Minority Student Orgs

Minority+student+organizations+strive+to+create+an+environment+where+students+feel+supported+and+culturally+represented.

Minority student organizations strive to create an environment where students feel supported and culturally represented.

Student organizations work to build community and create an environment where students feel supported and culturally represented.

President of the Chinese Culture and Charity Club, Matthew Trecek, a senior in the College of Arts & Sciences, said that they want American and Chinese international students on campus to engage with one another.

“The purpose of the Chinese Culture and Charity Club is to expand the exposure and reach of Chinese culture on campus at Marquette and into the greater Milwaukee community,” Trecek said.

As the co-president of the Latin American Student Organization, Giselle Martinez, a senior in the College of Engineering, said that LASO cultivates a community that serves as a social network and support system. Martinez also said that LASO celebrates and encourages the growth of Latin American culture in the Marquette community.

“Being a college student, I think a lot of people can agree that finding your community on campus is important to feeling a sense of belonging. For me, it has always been important to create an environment where students can get to know others and recognize that we are all in the same boat and experience similar struggles,” Martinez said.

Vraj Patel, a junior in the College of Health Sciences, is the co-president of the Indian Student Association.

Patel said that the ISA wants to create a social network that builds relationships and displays Indian heritage and culture for its members.

“We aim to build this social network through the events we host.
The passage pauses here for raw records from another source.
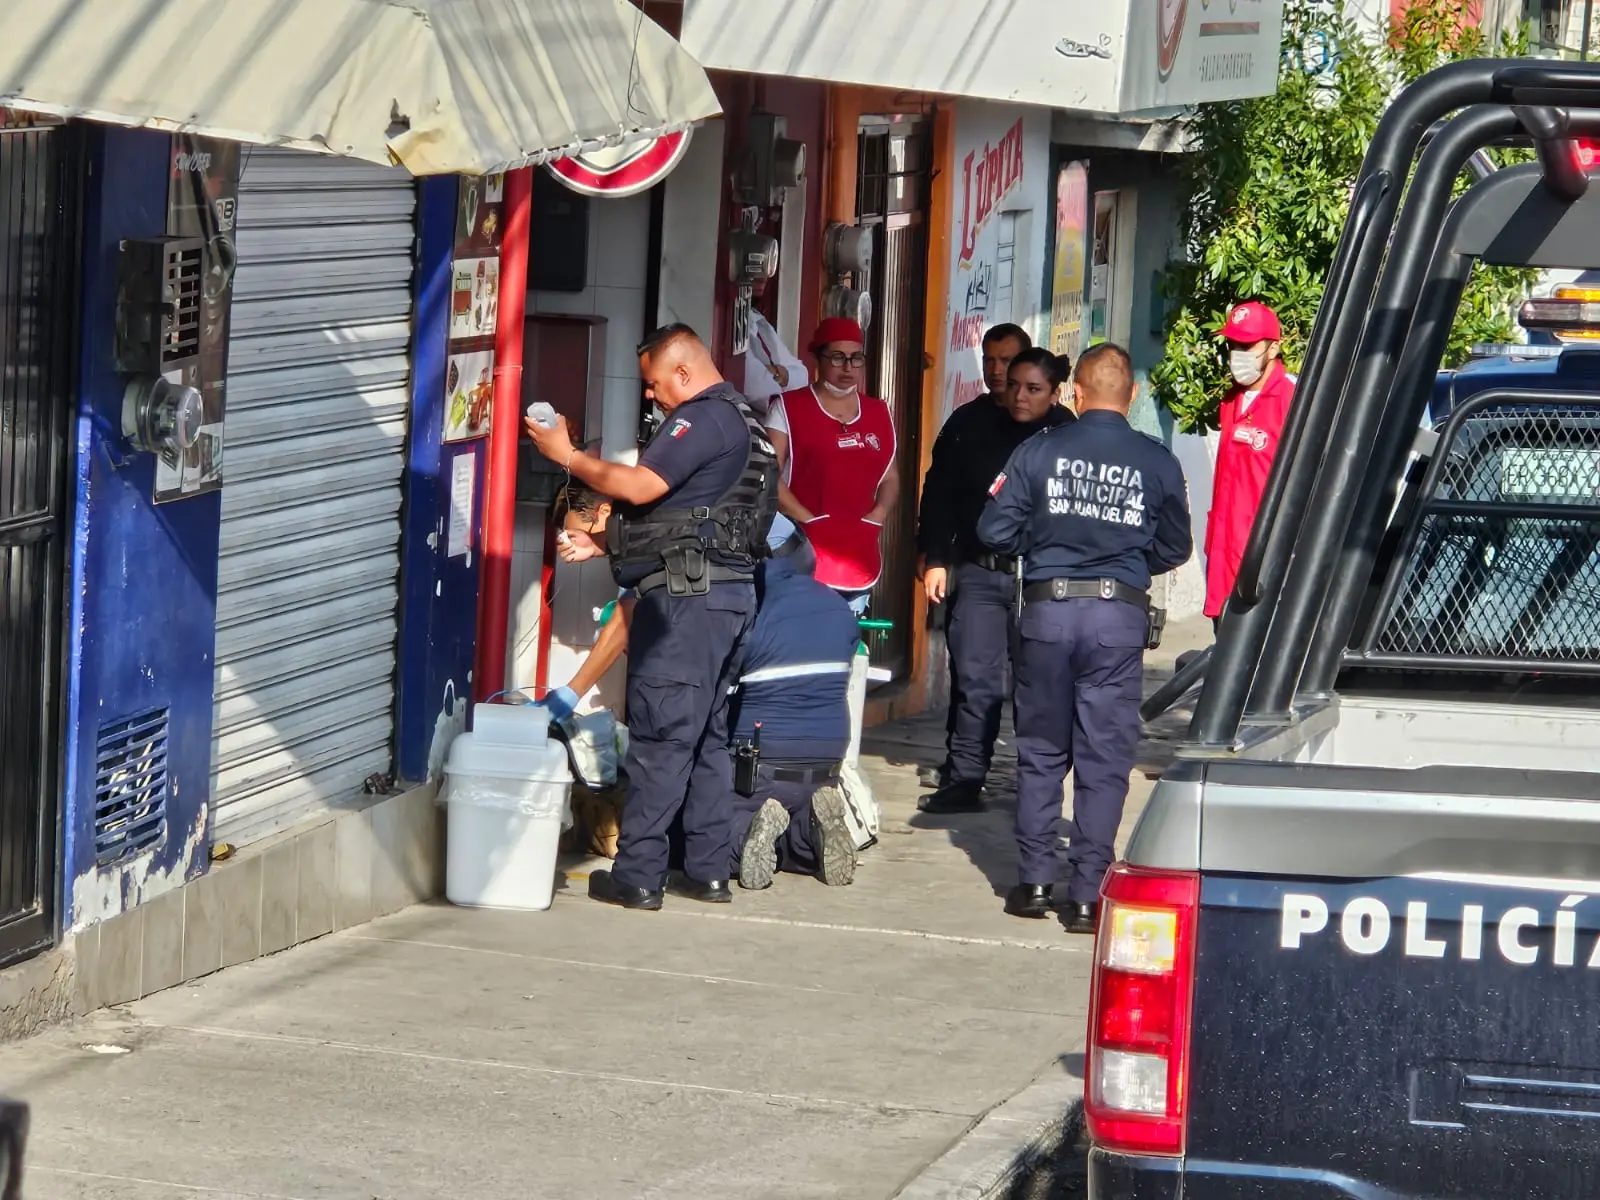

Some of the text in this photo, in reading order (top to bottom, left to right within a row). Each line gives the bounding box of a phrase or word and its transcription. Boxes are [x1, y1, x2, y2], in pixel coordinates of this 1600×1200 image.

[1047, 477, 1145, 511] MUNICIPAL
[1049, 498, 1071, 515] SAN
[1070, 500, 1101, 519] JUAN
[1101, 505, 1122, 523] DEL
[1280, 894, 1600, 967] POLICÍ
This builds a sense of community within the club. We have already extended this community by reaching out to other cultural student organizations,” Patel said.

Trecek said that building a community brings people together and creates a safe, inclusive environment.
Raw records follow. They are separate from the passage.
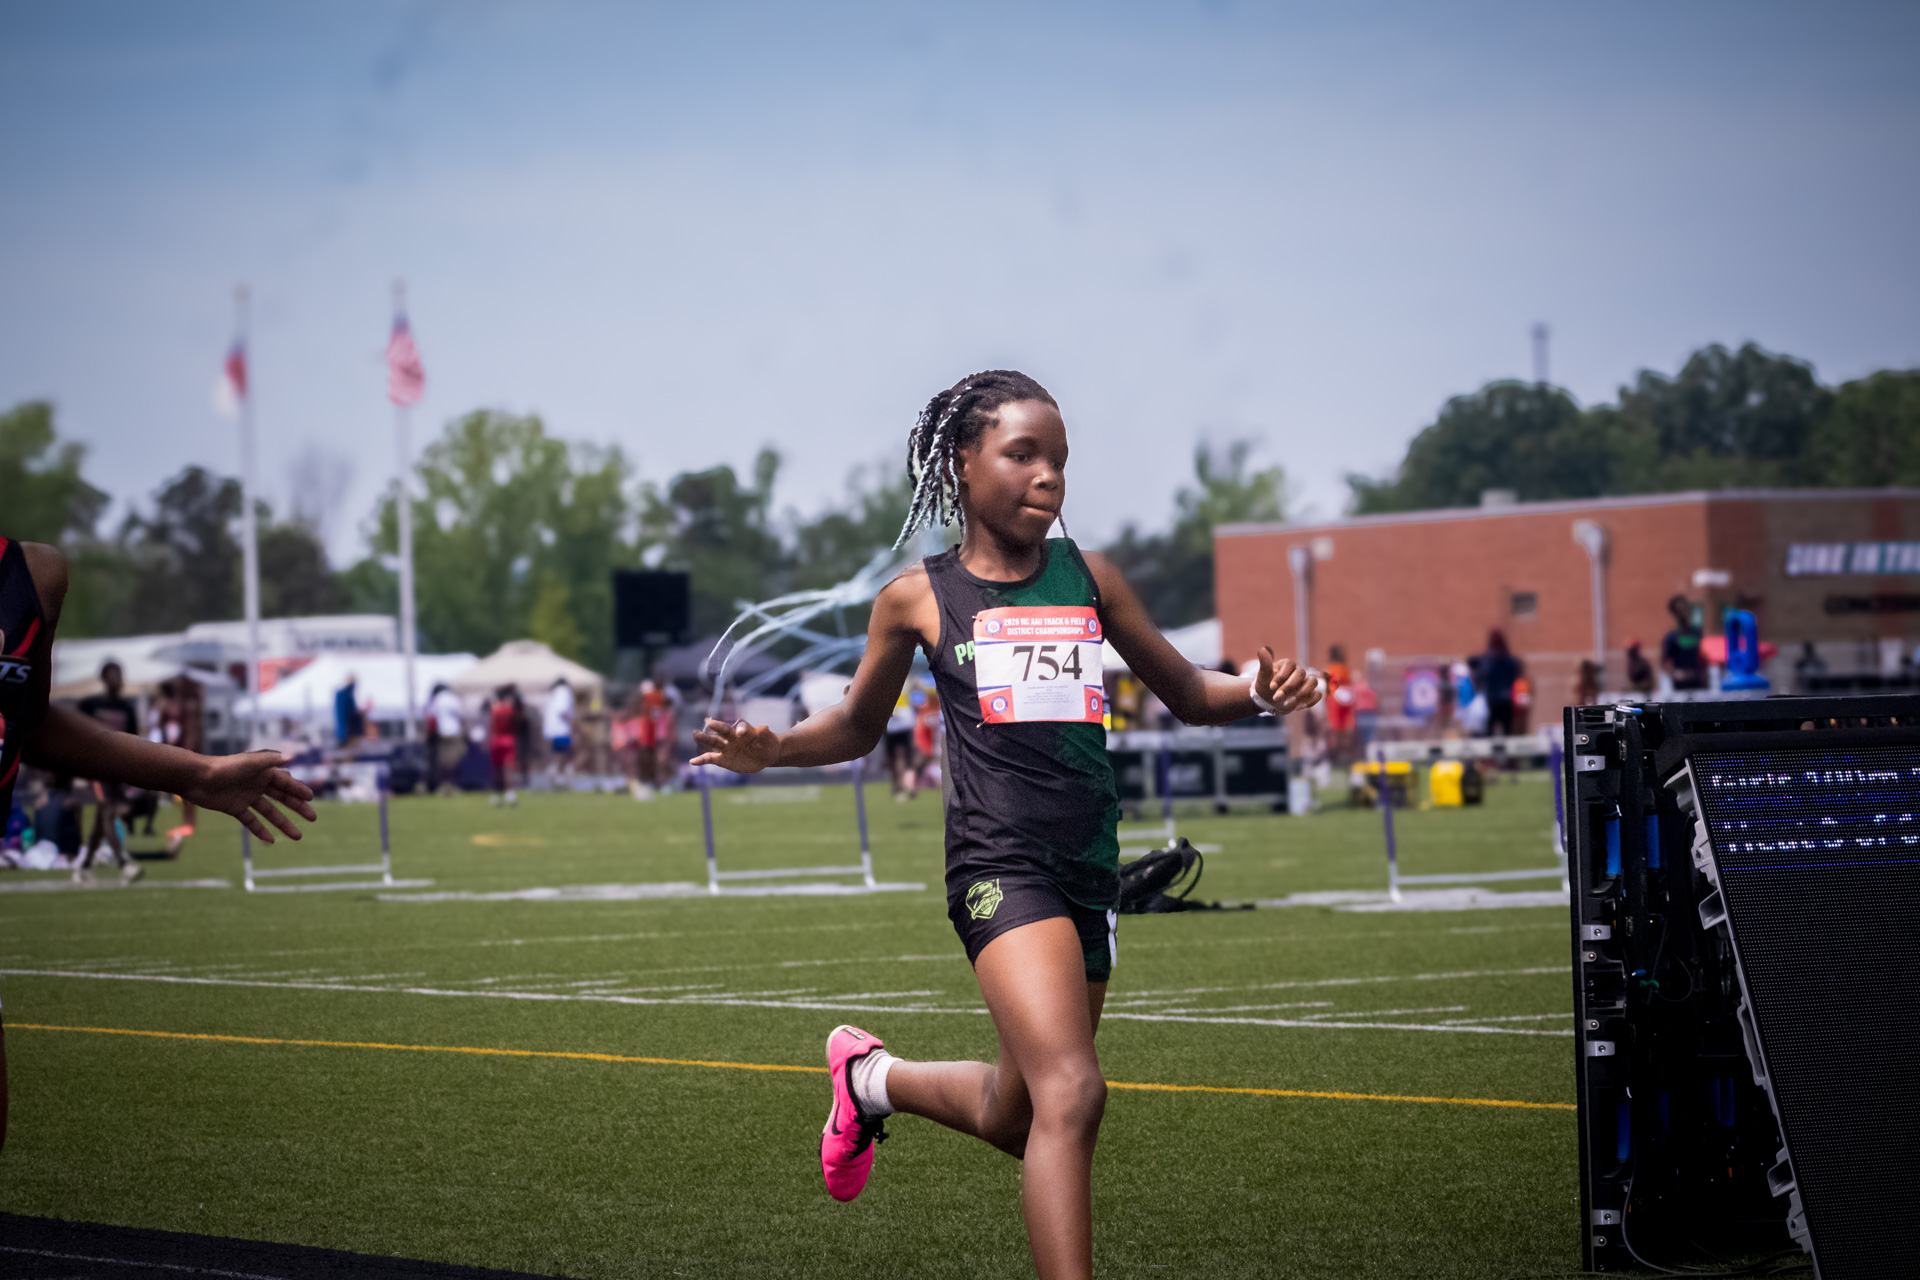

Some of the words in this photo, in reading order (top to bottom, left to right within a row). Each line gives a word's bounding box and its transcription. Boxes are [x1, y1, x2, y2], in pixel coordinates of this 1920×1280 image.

[1031, 617, 1043, 625] AAU
[1044, 617, 1063, 625] TRACK
[1070, 617, 1086, 625] FIELD
[1007, 627, 1034, 635] DISTRICT
[1035, 627, 1084, 635] CHAMPIONSHIPS
[1012, 644, 1083, 681] 754
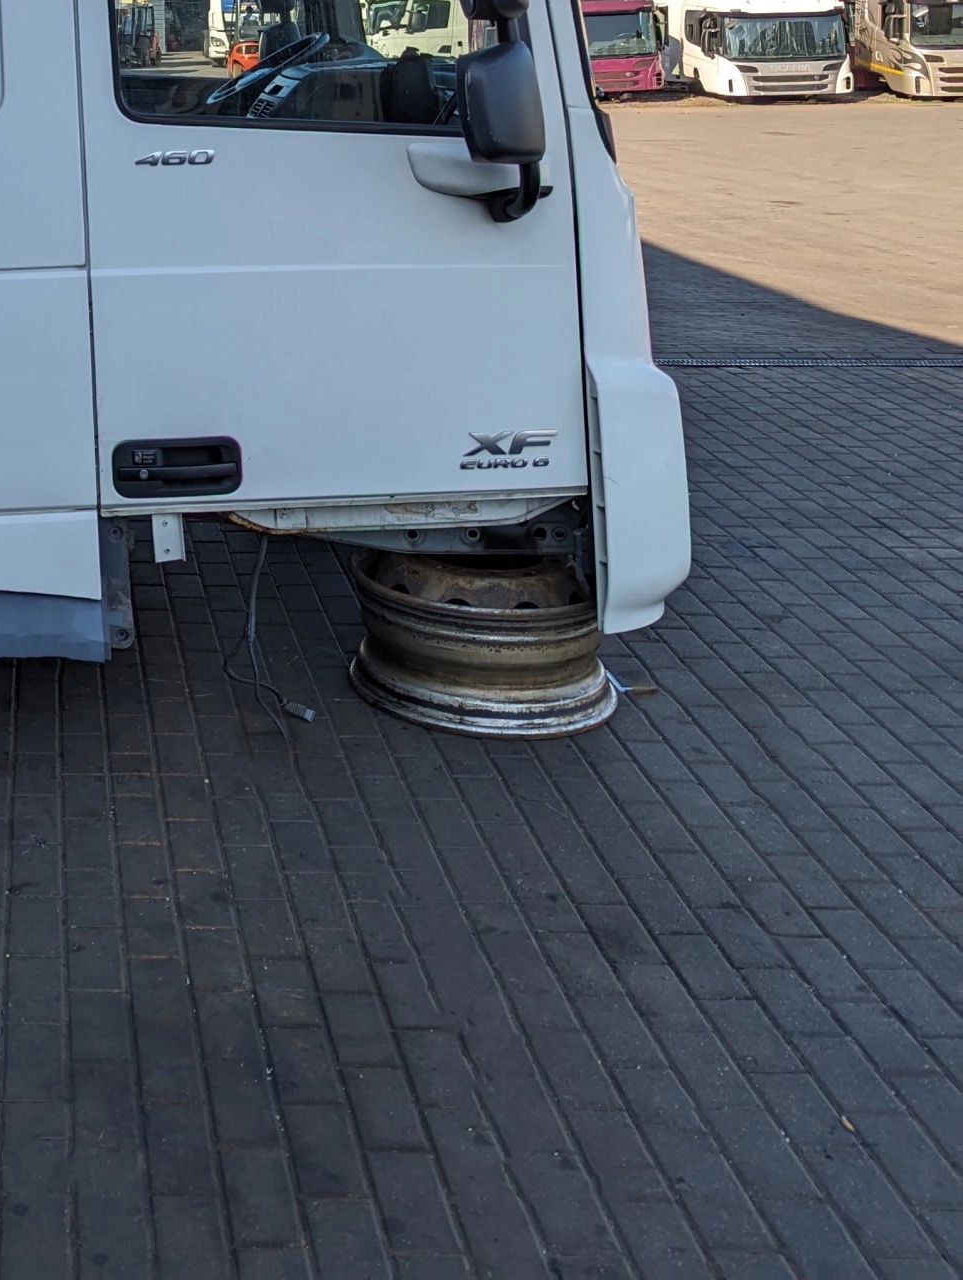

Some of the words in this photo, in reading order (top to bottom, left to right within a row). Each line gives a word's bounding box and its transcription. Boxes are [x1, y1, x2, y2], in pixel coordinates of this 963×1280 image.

[770, 64, 812, 73] SCANIA
[134, 149, 215, 166] 460
[462, 428, 558, 457] XF
[459, 457, 529, 470] EURO
[532, 455, 550, 468] 6
“We’re not only Marquette students, but we are also a group that cares about a common interest: that being a dedication to the spread of Chinese culture around campus. Building community is also important because it can make individuals feel safe, understood and represented at a big school like Marquette,” Trecek said.

The Chinese Culture and Charity Club works alongside the Chinese Students and Scholars Association to host an event to celebrate the Lunar New Year. Trecek said that the club hosts events like this not only for Chinese students, but also for those who are interested in Chinese culture.

“This event usually attracts hundreds of students. They come for the food, but they stay for the cultural presentations, discussions with Chinese students, and impactful stories from Chinese and Americans alike,” Trecek said.

Outside of the Lunar New Year event, the Chinese Culture and Charity Club hosts bi-weekly events. One of the events is the Chinese program social mixers, which is in conjunction with the department of languages, literatures and cultures. 

Martinez said that the Latin American Student Organization stresses the importance of participating in social activities.

“Another way we work on building community is to collaborate with other organizations on campus. We recognize that members are involved in many ways on campus and thus make it a point, as an organization, to connect and build strong relationships with student organizations,” Martinez said.

LASO has partnered with sororities and fraternities to host events such as Fiesta de Noche and Día de Los Muertos.

The Indian Student Association welcomes all students to its events, Patel said, to encourage integration despite cultural differences.

“Our goal is to build a community with all Marquette students by hosting events that are open to everybody on campus where we can create a melting pot of cultures and accept each other despite our different backgrounds,” Patel said.

The Indian Student Association partnered with Late Night Marquette to host Diwali Night on Nov. 16. Next semester, they will host their annual Holi celebration and their cultural show. Holi is a celebration marking the beginning of spring. Through these events, the Indian Student Association hopes to strengthen the bonds of the Marquette community, Patel said.

“As an organization of mostly minority students, we make it our mission to represent the underrepresented and allow everybody’s voices to be heard,” Patel said.